==== Data for this exercise

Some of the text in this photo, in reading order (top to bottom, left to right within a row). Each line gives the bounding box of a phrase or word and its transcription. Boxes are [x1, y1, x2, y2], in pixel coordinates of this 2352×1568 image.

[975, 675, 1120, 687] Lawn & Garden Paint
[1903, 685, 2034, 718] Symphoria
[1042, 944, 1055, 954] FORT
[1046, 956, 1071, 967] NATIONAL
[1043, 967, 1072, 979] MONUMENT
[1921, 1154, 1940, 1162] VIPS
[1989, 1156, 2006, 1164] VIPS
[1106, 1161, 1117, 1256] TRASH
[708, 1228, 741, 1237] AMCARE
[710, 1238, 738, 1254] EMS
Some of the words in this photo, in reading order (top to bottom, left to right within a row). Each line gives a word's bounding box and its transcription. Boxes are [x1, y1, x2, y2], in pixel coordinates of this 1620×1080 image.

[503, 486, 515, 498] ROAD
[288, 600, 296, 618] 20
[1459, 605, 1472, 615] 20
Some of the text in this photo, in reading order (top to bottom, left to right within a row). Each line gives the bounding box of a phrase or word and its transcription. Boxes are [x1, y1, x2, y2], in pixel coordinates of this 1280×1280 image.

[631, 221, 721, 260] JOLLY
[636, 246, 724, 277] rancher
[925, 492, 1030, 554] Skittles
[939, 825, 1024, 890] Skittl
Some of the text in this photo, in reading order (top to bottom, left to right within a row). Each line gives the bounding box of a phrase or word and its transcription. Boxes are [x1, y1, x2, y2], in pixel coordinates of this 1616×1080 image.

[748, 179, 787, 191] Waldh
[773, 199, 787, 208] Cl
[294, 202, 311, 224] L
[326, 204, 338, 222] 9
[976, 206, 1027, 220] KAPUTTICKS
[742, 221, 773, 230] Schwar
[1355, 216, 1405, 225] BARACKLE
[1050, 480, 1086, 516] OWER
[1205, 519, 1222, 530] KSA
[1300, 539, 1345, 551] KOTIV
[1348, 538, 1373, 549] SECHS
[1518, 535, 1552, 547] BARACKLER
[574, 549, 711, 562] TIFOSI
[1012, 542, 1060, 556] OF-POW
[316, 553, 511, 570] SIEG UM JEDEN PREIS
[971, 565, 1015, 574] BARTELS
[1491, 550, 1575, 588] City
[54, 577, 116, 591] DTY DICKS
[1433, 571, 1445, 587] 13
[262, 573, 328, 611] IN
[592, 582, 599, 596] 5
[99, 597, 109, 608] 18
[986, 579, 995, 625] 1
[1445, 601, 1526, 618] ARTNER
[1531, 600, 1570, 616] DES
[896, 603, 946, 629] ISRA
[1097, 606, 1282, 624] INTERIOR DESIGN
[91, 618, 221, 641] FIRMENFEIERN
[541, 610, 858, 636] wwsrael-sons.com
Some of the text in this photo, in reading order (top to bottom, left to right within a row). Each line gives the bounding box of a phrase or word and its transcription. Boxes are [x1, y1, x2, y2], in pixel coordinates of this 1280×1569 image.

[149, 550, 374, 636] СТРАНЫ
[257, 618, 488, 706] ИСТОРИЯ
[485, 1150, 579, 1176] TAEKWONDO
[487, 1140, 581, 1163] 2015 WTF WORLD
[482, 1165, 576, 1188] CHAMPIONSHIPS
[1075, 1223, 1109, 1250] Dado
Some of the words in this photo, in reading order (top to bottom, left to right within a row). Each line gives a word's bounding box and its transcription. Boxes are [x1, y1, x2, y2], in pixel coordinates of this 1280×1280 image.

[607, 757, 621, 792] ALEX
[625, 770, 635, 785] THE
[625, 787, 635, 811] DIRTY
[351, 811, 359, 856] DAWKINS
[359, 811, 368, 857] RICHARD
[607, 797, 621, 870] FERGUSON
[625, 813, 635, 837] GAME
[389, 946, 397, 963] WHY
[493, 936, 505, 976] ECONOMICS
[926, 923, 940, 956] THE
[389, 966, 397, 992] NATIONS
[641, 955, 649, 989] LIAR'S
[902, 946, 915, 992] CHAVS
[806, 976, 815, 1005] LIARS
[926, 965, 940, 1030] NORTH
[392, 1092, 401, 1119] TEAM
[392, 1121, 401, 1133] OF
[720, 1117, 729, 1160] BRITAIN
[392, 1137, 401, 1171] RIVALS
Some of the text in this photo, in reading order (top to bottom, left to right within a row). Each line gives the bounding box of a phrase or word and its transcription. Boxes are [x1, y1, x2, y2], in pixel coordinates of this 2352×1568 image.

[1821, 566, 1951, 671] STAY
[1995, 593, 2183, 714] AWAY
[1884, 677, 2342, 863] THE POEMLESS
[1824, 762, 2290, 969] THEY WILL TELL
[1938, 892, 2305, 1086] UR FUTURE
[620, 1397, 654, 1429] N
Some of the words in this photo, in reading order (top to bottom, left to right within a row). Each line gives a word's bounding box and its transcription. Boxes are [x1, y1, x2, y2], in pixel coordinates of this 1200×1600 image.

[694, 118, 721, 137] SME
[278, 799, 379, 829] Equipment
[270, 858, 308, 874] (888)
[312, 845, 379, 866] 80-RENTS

========

**Brief**
Print out all the entries above exactly.

**Written solution**
Some of the text in this photo, in reading order (top to bottom, left to right within a row). Each line gives the bounding box of a phrase or word and its transcription. Boxes are [x1, y1, x2, y2], in pixel coordinates of this 2352×1568 image.

[975, 675, 1120, 687] Lawn & Garden Paint
[1903, 685, 2034, 718] Symphoria
[1042, 944, 1055, 954] FORT
[1046, 956, 1071, 967] NATIONAL
[1043, 967, 1072, 979] MONUMENT
[1921, 1154, 1940, 1162] VIPS
[1989, 1156, 2006, 1164] VIPS
[1106, 1161, 1117, 1256] TRASH
[708, 1228, 741, 1237] AMCARE
[710, 1238, 738, 1254] EMS
Some of the words in this photo, in reading order (top to bottom, left to right within a row). Each line gives a word's bounding box and its transcription. Boxes are [x1, y1, x2, y2], in pixel coordinates of this 1620×1080 image.

[503, 486, 515, 498] ROAD
[288, 600, 296, 618] 20
[1459, 605, 1472, 615] 20
Some of the text in this photo, in reading order (top to bottom, left to right within a row). Each line gives the bounding box of a phrase or word and its transcription. Boxes are [x1, y1, x2, y2], in pixel coordinates of this 1280×1280 image.

[631, 221, 721, 260] JOLLY
[636, 246, 724, 277] rancher
[925, 492, 1030, 554] Skittles
[939, 825, 1024, 890] Skittl
Some of the text in this photo, in reading order (top to bottom, left to right within a row). Each line gives the bounding box of a phrase or word and its transcription. Boxes are [x1, y1, x2, y2], in pixel coordinates of this 1616×1080 image.

[748, 179, 787, 191] Waldh
[773, 199, 787, 208] Cl
[294, 202, 311, 224] L
[326, 204, 338, 222] 9
[976, 206, 1027, 220] KAPUTTICKS
[742, 221, 773, 230] Schwar
[1355, 216, 1405, 225] BARACKLE
[1050, 480, 1086, 516] OWER
[1205, 519, 1222, 530] KSA
[1300, 539, 1345, 551] KOTIV
[1348, 538, 1373, 549] SECHS
[1518, 535, 1552, 547] BARACKLER
[574, 549, 711, 562] TIFOSI
[1012, 542, 1060, 556] OF-POW
[316, 553, 511, 570] SIEG UM JEDEN PREIS
[971, 565, 1015, 574] BARTELS
[1491, 550, 1575, 588] City
[54, 577, 116, 591] DTY DICKS
[1433, 571, 1445, 587] 13
[262, 573, 328, 611] IN
[592, 582, 599, 596] 5
[99, 597, 109, 608] 18
[986, 579, 995, 625] 1
[1445, 601, 1526, 618] ARTNER
[1531, 600, 1570, 616] DES
[896, 603, 946, 629] ISRA
[1097, 606, 1282, 624] INTERIOR DESIGN
[91, 618, 221, 641] FIRMENFEIERN
[541, 610, 858, 636] wwsrael-sons.com
Some of the text in this photo, in reading order (top to bottom, left to right within a row). Each line gives the bounding box of a phrase or word and its transcription. Boxes are [x1, y1, x2, y2], in pixel coordinates of this 1280×1569 image.

[149, 550, 374, 636] СТРАНЫ
[257, 618, 488, 706] ИСТОРИЯ
[485, 1150, 579, 1176] TAEKWONDO
[487, 1140, 581, 1163] 2015 WTF WORLD
[482, 1165, 576, 1188] CHAMPIONSHIPS
[1075, 1223, 1109, 1250] Dado
Some of the words in this photo, in reading order (top to bottom, left to right within a row). Each line gives a word's bounding box and its transcription. Boxes are [x1, y1, x2, y2], in pixel coordinates of this 1280×1280 image.

[607, 757, 621, 792] ALEX
[625, 770, 635, 785] THE
[625, 787, 635, 811] DIRTY
[351, 811, 359, 856] DAWKINS
[359, 811, 368, 857] RICHARD
[607, 797, 621, 870] FERGUSON
[625, 813, 635, 837] GAME
[389, 946, 397, 963] WHY
[493, 936, 505, 976] ECONOMICS
[926, 923, 940, 956] THE
[389, 966, 397, 992] NATIONS
[641, 955, 649, 989] LIAR'S
[902, 946, 915, 992] CHAVS
[806, 976, 815, 1005] LIARS
[926, 965, 940, 1030] NORTH
[392, 1092, 401, 1119] TEAM
[392, 1121, 401, 1133] OF
[720, 1117, 729, 1160] BRITAIN
[392, 1137, 401, 1171] RIVALS
Some of the text in this photo, in reading order (top to bottom, left to right within a row). Each line gives the bounding box of a phrase or word and its transcription. Boxes are [x1, y1, x2, y2], in pixel coordinates of this 2352×1568 image.

[1821, 566, 1951, 671] STAY
[1995, 593, 2183, 714] AWAY
[1884, 677, 2342, 863] THE POEMLESS
[1824, 762, 2290, 969] THEY WILL TELL
[1938, 892, 2305, 1086] UR FUTURE
[620, 1397, 654, 1429] N
Some of the words in this photo, in reading order (top to bottom, left to right within a row). Each line gives a word's bounding box and its transcription. Boxes are [x1, y1, x2, y2], in pixel coordinates of this 1200×1600 image.

[694, 118, 721, 137] SME
[278, 799, 379, 829] Equipment
[270, 858, 308, 874] (888)
[312, 845, 379, 866] 80-RENTS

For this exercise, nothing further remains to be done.